Fantastic offer on one of these great Vibiemme Domobar machines! If you order this month, you get a free barista kit too! Let me know if you want one!

Andy


----------



## Dylan

Hi Andy,

There is a whole range of machines under the Domobar name. From the price I'm guessing this is the Domobar Junior Manual HX, but would be worth adding a few more details as I dont see it listed on your site.


----------



## coffeebean

They are not on my site yet - will all be on this week!! This one is the Domobar, the entry level hx machine. The Junior HX is the next one up - I do that for £950 for the forum.


----------



## Dylan

coffeebean said:


> They are not on my site yet - will all be on this week!! This one is the Domobar, the entry level hx machine. The Junior HX is the next one up - I do that for £950 for the forum.


Ahh yes, my mistake, I hadn't realised that had one without any suffix at all.

They are excellent at confusing product names the europeans. Expobar do it with their range as well, very easy to get confused... or perhaps just very easy to confuse me!


----------



## coffeebean

Difference seems to be that the junior hx has a water tap where the Domobar doesn't.....


----------



## Dylan

coffeebean said:


> Difference seems to be that the junior hx has a water tap where the Domobar doesn't.....

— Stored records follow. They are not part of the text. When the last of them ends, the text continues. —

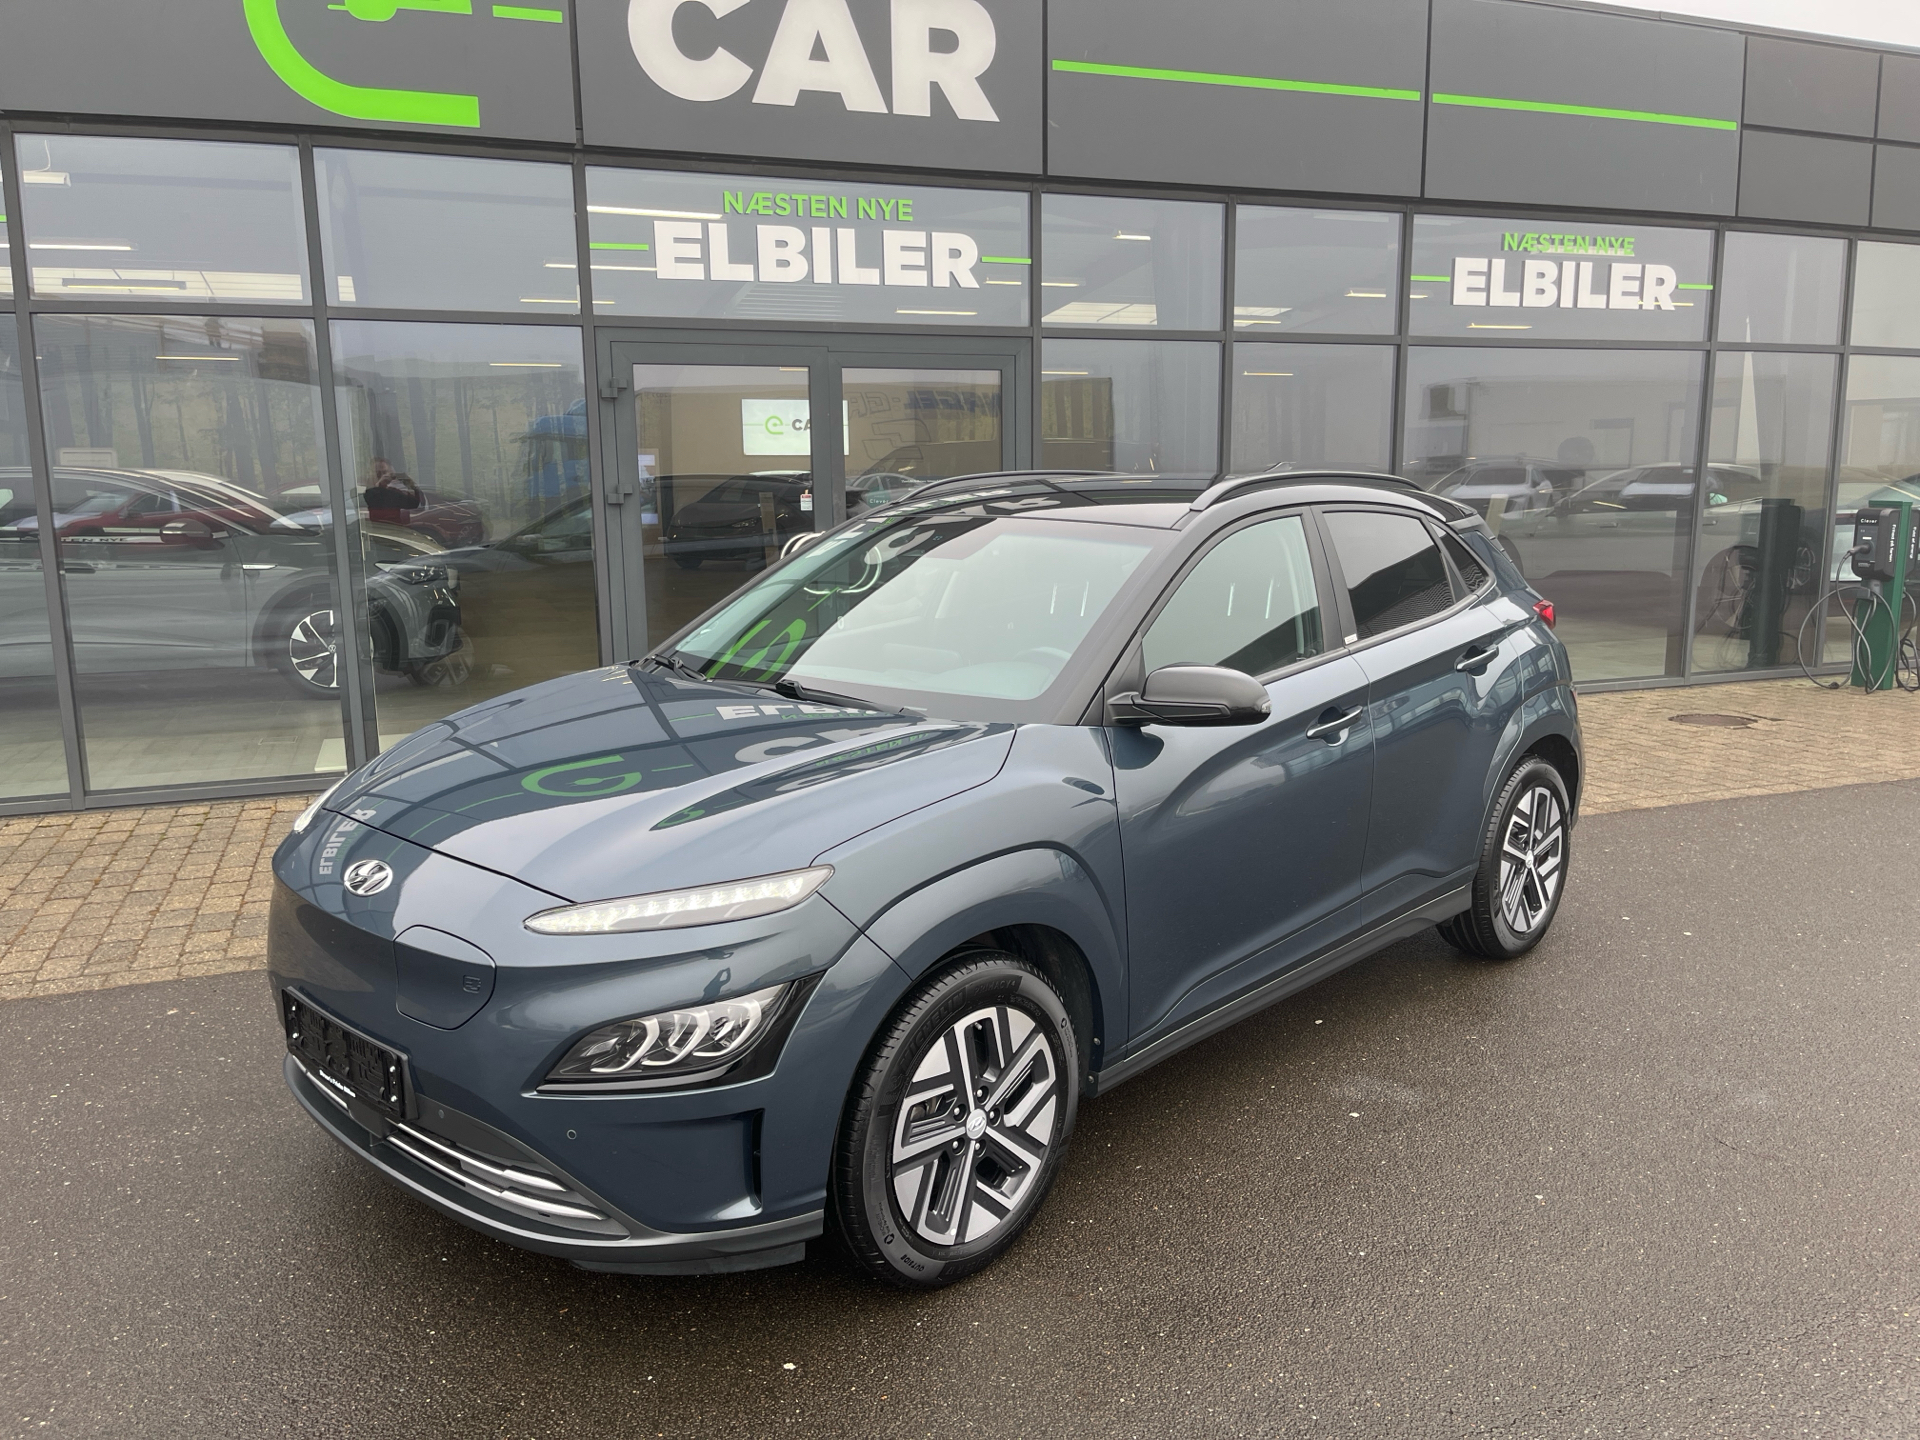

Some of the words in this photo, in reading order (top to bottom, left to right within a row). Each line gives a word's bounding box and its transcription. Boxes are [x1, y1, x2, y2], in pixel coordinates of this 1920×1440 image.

[628, 0, 1000, 122] CAR
[723, 190, 847, 219] NÆSTEN
[858, 196, 913, 222] NYE
[653, 220, 980, 289] ELBILER
[1503, 232, 1590, 253] NÆSTEN
[1596, 236, 1635, 255] NYE
[1452, 256, 1676, 310] ELBILER
[791, 418, 811, 431] CA
[900, 1253, 925, 1272] OUTSIDE
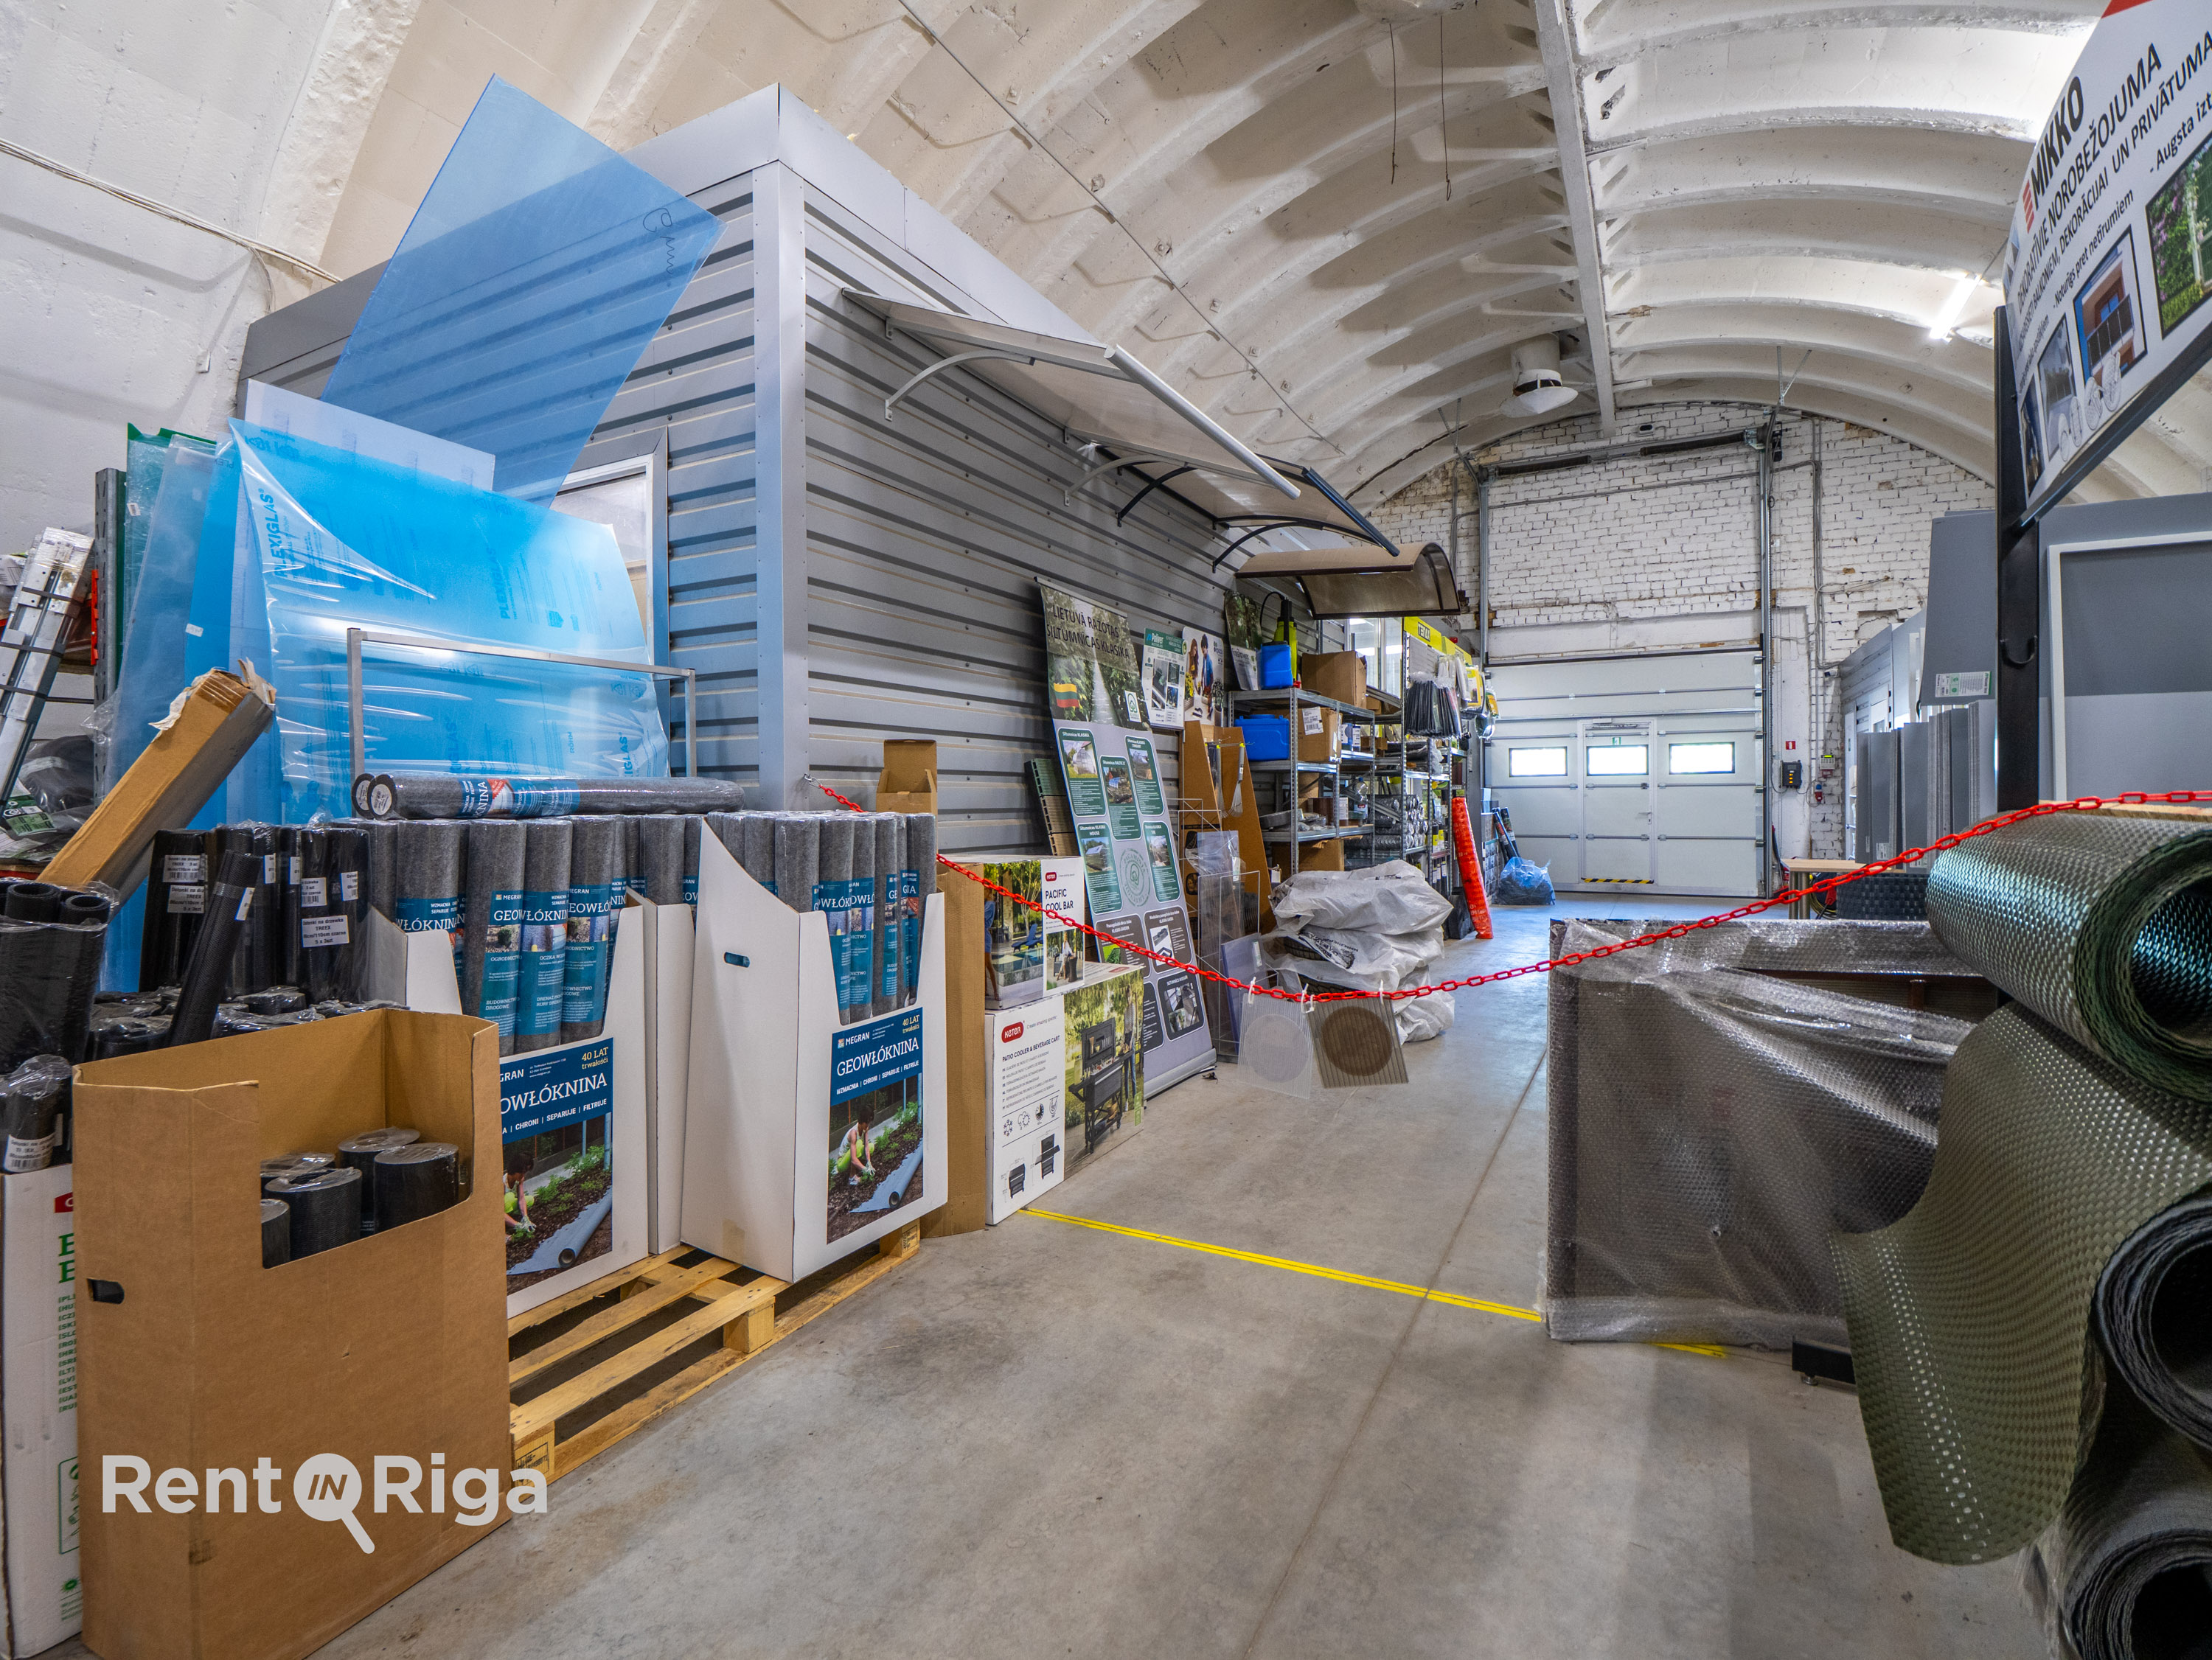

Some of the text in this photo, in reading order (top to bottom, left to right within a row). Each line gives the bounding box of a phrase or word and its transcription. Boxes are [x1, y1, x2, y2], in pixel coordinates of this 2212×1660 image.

[2031, 76, 2084, 211] MIKKO
[2048, 43, 2162, 234] NOROBEŽOJUMA
[2157, 116, 2194, 170] Augsta
[2059, 167, 2109, 254] DEKORĀCIJAI
[2112, 137, 2129, 173] UN
[2076, 247, 2089, 278] pret
[2089, 189, 2134, 256] netīrumiem
[1053, 605, 1087, 627] LIETUVĀ
[1101, 640, 1130, 659] KLASIKA
[1046, 888, 1067, 899] PACIFIC
[1046, 900, 1074, 911] COOL BAR
[902, 1014, 919, 1026] 40 LAT
[845, 1032, 870, 1046] MEGRAN
[1002, 1053, 1014, 1062] PATIO
[1014, 1047, 1029, 1057] COOLER
[1033, 1039, 1051, 1050] BEVERAGE
[1051, 1035, 1060, 1044] CART
[582, 1047, 609, 1061] 40 LAT
[837, 1037, 919, 1076] GEOWŁÓKNINA
[836, 1082, 859, 1095] WZMACNIA
[882, 1067, 900, 1078] SEPARUJE
[904, 1060, 919, 1071] FILTRUJE
[515, 1098, 607, 1130] CHRONI SEPARUJE FILTRUJE
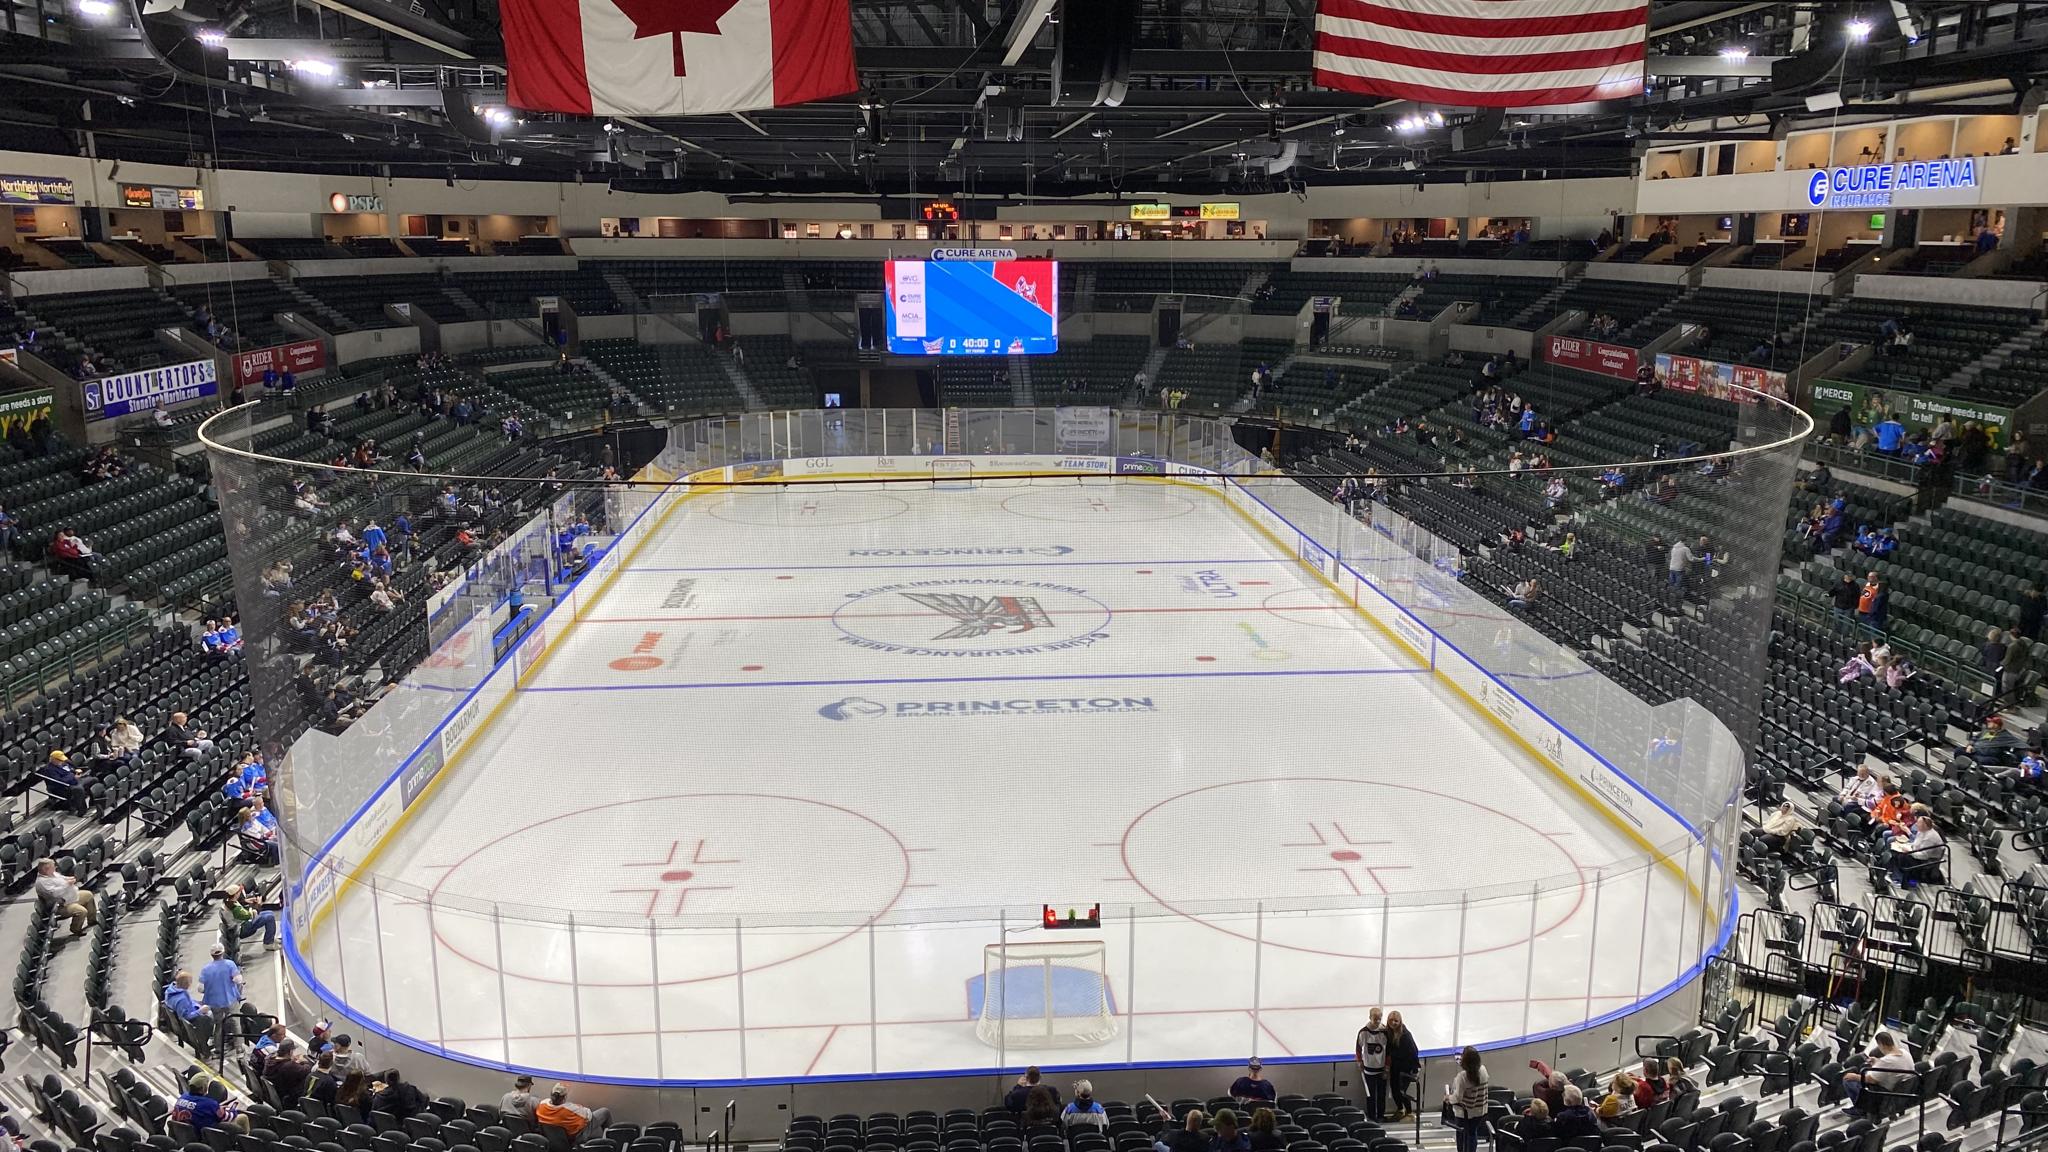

I would hope there were some internal differences in terms of parts, would be a shame if they remove the water tap just so they can have one machine for each budget with no other differences!


----------



## coffeebean

Just been looking at the specs and the junior is bigger, has bigger boiler and is 1600w as opposed to 1400w


----------



## 7493

Domobar is single boiler NOT HX.


----------



## coffeebean

You are right! Sorry guys my bad! Still a great entry level machine!


----------



## coffeebean

Just added the Domobar to my website - others in the range to follow......http://www.thecoffeebean-vanandroaster.co.uk/Vibiemme.html


----------



## coffeebean

All the Domobar range is now available on my website so if you need information on these great machines - take a look! Forum members obviously get a better price!


----------



## coffeebean

These Domobar machines are well worth a look - and at a great price for the Forum............


----------



## Dylan

In your VBM page you state:

"Multiboiler technology has a certainly more limited application compared to its direct competitor, the HX version..."

What do you mean by this?


----------



## coffeebean

Do you know what Dylan? I have absolutely no idea! I copied and pasted the info from the brochures provided by Vibiemme and they must have been badly translated!! Been so busy, haven't had chance to check them properly! Thanks for letting me know!! Andy


----------



## Dylan

coffeebean said:


> Do you know what Dylan? I have absolutely no idea! I copied and pasted the info from the brochures provided by Vibiemme and they must have been badly translated!! Been so busy, haven't had chance to check them properly! Thanks for letting me know!! Andy


Ahh I see, haha, that also explains the rest of the description which is a little difficult to understand


----------



## coffeebean

Should make a bit more sense now!!


----------